[MATERIAL SUPPLIED Boundary: Start]
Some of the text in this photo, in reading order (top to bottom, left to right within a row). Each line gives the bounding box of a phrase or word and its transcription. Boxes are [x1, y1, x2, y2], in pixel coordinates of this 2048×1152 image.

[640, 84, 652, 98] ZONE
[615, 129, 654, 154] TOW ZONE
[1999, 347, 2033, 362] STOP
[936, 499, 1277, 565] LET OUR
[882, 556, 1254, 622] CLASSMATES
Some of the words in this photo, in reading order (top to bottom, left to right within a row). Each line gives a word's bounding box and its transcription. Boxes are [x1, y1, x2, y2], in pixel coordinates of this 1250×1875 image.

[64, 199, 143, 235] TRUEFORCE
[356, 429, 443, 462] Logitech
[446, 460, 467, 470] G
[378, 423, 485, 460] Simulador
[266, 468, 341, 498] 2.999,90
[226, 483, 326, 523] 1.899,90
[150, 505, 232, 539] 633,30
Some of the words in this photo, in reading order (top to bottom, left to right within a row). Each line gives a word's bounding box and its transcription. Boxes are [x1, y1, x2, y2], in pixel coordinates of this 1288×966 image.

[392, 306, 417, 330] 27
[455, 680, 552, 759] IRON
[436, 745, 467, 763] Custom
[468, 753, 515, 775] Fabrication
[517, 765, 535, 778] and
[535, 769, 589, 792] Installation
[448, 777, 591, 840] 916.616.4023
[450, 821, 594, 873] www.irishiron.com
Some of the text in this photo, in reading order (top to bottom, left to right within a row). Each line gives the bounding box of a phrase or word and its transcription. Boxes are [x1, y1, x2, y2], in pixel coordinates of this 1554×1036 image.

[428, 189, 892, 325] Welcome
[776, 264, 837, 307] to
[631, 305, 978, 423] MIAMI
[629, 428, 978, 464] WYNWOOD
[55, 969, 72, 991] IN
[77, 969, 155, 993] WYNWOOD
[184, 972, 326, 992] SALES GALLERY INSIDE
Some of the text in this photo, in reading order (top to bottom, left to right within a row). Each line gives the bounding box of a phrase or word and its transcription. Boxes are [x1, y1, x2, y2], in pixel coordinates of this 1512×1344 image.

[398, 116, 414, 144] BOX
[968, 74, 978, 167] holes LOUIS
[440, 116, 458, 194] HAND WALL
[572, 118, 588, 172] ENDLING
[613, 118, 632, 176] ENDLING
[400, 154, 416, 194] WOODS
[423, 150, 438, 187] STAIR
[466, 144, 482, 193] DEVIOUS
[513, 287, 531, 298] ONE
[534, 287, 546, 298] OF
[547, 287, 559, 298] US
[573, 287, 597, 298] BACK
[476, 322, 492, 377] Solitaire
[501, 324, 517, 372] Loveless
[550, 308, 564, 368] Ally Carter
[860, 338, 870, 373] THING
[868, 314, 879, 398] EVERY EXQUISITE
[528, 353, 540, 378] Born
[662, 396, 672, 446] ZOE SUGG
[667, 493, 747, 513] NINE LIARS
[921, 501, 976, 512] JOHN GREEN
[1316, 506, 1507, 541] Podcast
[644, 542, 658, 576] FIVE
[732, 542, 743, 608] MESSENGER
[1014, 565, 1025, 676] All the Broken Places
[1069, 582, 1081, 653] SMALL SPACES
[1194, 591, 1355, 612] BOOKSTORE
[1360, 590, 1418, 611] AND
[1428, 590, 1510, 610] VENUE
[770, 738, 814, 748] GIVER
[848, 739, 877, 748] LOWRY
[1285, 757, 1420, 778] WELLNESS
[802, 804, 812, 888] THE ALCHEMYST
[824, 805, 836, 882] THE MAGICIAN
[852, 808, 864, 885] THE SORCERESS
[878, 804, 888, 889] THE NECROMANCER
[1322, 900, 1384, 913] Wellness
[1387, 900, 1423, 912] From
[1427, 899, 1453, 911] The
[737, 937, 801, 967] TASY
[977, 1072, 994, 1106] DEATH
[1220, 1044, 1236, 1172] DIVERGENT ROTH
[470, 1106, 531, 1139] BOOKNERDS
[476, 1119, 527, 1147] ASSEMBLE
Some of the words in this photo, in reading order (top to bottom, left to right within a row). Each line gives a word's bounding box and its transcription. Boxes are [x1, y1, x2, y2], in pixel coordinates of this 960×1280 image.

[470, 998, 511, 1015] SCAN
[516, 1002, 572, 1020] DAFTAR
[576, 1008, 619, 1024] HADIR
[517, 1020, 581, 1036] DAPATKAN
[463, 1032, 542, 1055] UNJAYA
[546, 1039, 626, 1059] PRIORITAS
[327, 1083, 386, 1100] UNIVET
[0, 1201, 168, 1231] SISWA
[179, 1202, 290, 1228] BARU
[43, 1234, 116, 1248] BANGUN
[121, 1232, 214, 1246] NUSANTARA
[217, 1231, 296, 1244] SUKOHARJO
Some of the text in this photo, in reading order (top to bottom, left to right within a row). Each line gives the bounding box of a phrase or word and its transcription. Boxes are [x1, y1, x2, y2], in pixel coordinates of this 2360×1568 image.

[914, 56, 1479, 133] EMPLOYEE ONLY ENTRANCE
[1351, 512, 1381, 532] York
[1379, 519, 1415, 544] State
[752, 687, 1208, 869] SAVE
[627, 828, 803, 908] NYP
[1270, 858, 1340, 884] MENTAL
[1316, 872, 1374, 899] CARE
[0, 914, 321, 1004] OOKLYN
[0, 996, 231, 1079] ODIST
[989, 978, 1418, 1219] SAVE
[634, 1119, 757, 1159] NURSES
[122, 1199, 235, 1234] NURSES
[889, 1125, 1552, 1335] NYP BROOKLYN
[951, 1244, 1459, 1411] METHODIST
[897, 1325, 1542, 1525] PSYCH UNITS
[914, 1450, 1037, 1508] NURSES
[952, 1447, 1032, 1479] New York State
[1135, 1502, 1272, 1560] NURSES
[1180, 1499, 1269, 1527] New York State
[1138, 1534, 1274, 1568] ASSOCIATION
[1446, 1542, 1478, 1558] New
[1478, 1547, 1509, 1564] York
[MATERIAL SUPPLIED Boundary: End]
• **TASK DESCRIPTION**: Each record must be transcribed word for word.

• **EXERCISE RESPONSE**:
Some of the text in this photo, in reading order (top to bottom, left to right within a row). Each line gives the bounding box of a phrase or word and its transcription. Boxes are [x1, y1, x2, y2], in pixel coordinates of this 2048×1152 image.

[640, 84, 652, 98] ZONE
[615, 129, 654, 154] TOW ZONE
[1999, 347, 2033, 362] STOP
[936, 499, 1277, 565] LET OUR
[882, 556, 1254, 622] CLASSMATES
Some of the words in this photo, in reading order (top to bottom, left to right within a row). Each line gives a word's bounding box and its transcription. Boxes are [x1, y1, x2, y2], in pixel coordinates of this 1250×1875 image.

[64, 199, 143, 235] TRUEFORCE
[356, 429, 443, 462] Logitech
[446, 460, 467, 470] G
[378, 423, 485, 460] Simulador
[266, 468, 341, 498] 2.999,90
[226, 483, 326, 523] 1.899,90
[150, 505, 232, 539] 633,30
Some of the words in this photo, in reading order (top to bottom, left to right within a row). Each line gives a word's bounding box and its transcription. Boxes are [x1, y1, x2, y2], in pixel coordinates of this 1288×966 image.

[392, 306, 417, 330] 27
[455, 680, 552, 759] IRON
[436, 745, 467, 763] Custom
[468, 753, 515, 775] Fabrication
[517, 765, 535, 778] and
[535, 769, 589, 792] Installation
[448, 777, 591, 840] 916.616.4023
[450, 821, 594, 873] www.irishiron.com
Some of the text in this photo, in reading order (top to bottom, left to right within a row). Each line gives the bounding box of a phrase or word and its transcription. Boxes are [x1, y1, x2, y2], in pixel coordinates of this 1554×1036 image.

[428, 189, 892, 325] Welcome
[776, 264, 837, 307] to
[631, 305, 978, 423] MIAMI
[629, 428, 978, 464] WYNWOOD
[55, 969, 72, 991] IN
[77, 969, 155, 993] WYNWOOD
[184, 972, 326, 992] SALES GALLERY INSIDE
Some of the text in this photo, in reading order (top to bottom, left to right within a row). Each line gives the bounding box of a phrase or word and its transcription. Boxes are [x1, y1, x2, y2], in pixel coordinates of this 1512×1344 image.

[398, 116, 414, 144] BOX
[968, 74, 978, 167] holes LOUIS
[440, 116, 458, 194] HAND WALL
[572, 118, 588, 172] ENDLING
[613, 118, 632, 176] ENDLING
[400, 154, 416, 194] WOODS
[423, 150, 438, 187] STAIR
[466, 144, 482, 193] DEVIOUS
[513, 287, 531, 298] ONE
[534, 287, 546, 298] OF
[547, 287, 559, 298] US
[573, 287, 597, 298] BACK
[476, 322, 492, 377] Solitaire
[501, 324, 517, 372] Loveless
[550, 308, 564, 368] Ally Carter
[860, 338, 870, 373] THING
[868, 314, 879, 398] EVERY EXQUISITE
[528, 353, 540, 378] Born
[662, 396, 672, 446] ZOE SUGG
[667, 493, 747, 513] NINE LIARS
[921, 501, 976, 512] JOHN GREEN
[1316, 506, 1507, 541] Podcast
[644, 542, 658, 576] FIVE
[732, 542, 743, 608] MESSENGER
[1014, 565, 1025, 676] All the Broken Places
[1069, 582, 1081, 653] SMALL SPACES
[1194, 591, 1355, 612] BOOKSTORE
[1360, 590, 1418, 611] AND
[1428, 590, 1510, 610] VENUE
[770, 738, 814, 748] GIVER
[848, 739, 877, 748] LOWRY
[1285, 757, 1420, 778] WELLNESS
[802, 804, 812, 888] THE ALCHEMYST
[824, 805, 836, 882] THE MAGICIAN
[852, 808, 864, 885] THE SORCERESS
[878, 804, 888, 889] THE NECROMANCER
[1322, 900, 1384, 913] Wellness
[1387, 900, 1423, 912] From
[1427, 899, 1453, 911] The
[737, 937, 801, 967] TASY
[977, 1072, 994, 1106] DEATH
[1220, 1044, 1236, 1172] DIVERGENT ROTH
[470, 1106, 531, 1139] BOOKNERDS
[476, 1119, 527, 1147] ASSEMBLE
Some of the words in this photo, in reading order (top to bottom, left to right within a row). Each line gives a word's bounding box and its transcription. Boxes are [x1, y1, x2, y2], in pixel coordinates of this 960×1280 image.

[470, 998, 511, 1015] SCAN
[516, 1002, 572, 1020] DAFTAR
[576, 1008, 619, 1024] HADIR
[517, 1020, 581, 1036] DAPATKAN
[463, 1032, 542, 1055] UNJAYA
[546, 1039, 626, 1059] PRIORITAS
[327, 1083, 386, 1100] UNIVET
[0, 1201, 168, 1231] SISWA
[179, 1202, 290, 1228] BARU
[43, 1234, 116, 1248] BANGUN
[121, 1232, 214, 1246] NUSANTARA
[217, 1231, 296, 1244] SUKOHARJO
Some of the text in this photo, in reading order (top to bottom, left to right within a row). Each line gives the bounding box of a phrase or word and its transcription. Boxes are [x1, y1, x2, y2], in pixel coordinates of this 2360×1568 image.

[914, 56, 1479, 133] EMPLOYEE ONLY ENTRANCE
[1351, 512, 1381, 532] York
[1379, 519, 1415, 544] State
[752, 687, 1208, 869] SAVE
[627, 828, 803, 908] NYP
[1270, 858, 1340, 884] MENTAL
[1316, 872, 1374, 899] CARE
[0, 914, 321, 1004] OOKLYN
[0, 996, 231, 1079] ODIST
[989, 978, 1418, 1219] SAVE
[634, 1119, 757, 1159] NURSES
[122, 1199, 235, 1234] NURSES
[889, 1125, 1552, 1335] NYP BROOKLYN
[951, 1244, 1459, 1411] METHODIST
[897, 1325, 1542, 1525] PSYCH UNITS
[914, 1450, 1037, 1508] NURSES
[952, 1447, 1032, 1479] New York State
[1135, 1502, 1272, 1560] NURSES
[1180, 1499, 1269, 1527] New York State
[1138, 1534, 1274, 1568] ASSOCIATION
[1446, 1542, 1478, 1558] New
[1478, 1547, 1509, 1564] York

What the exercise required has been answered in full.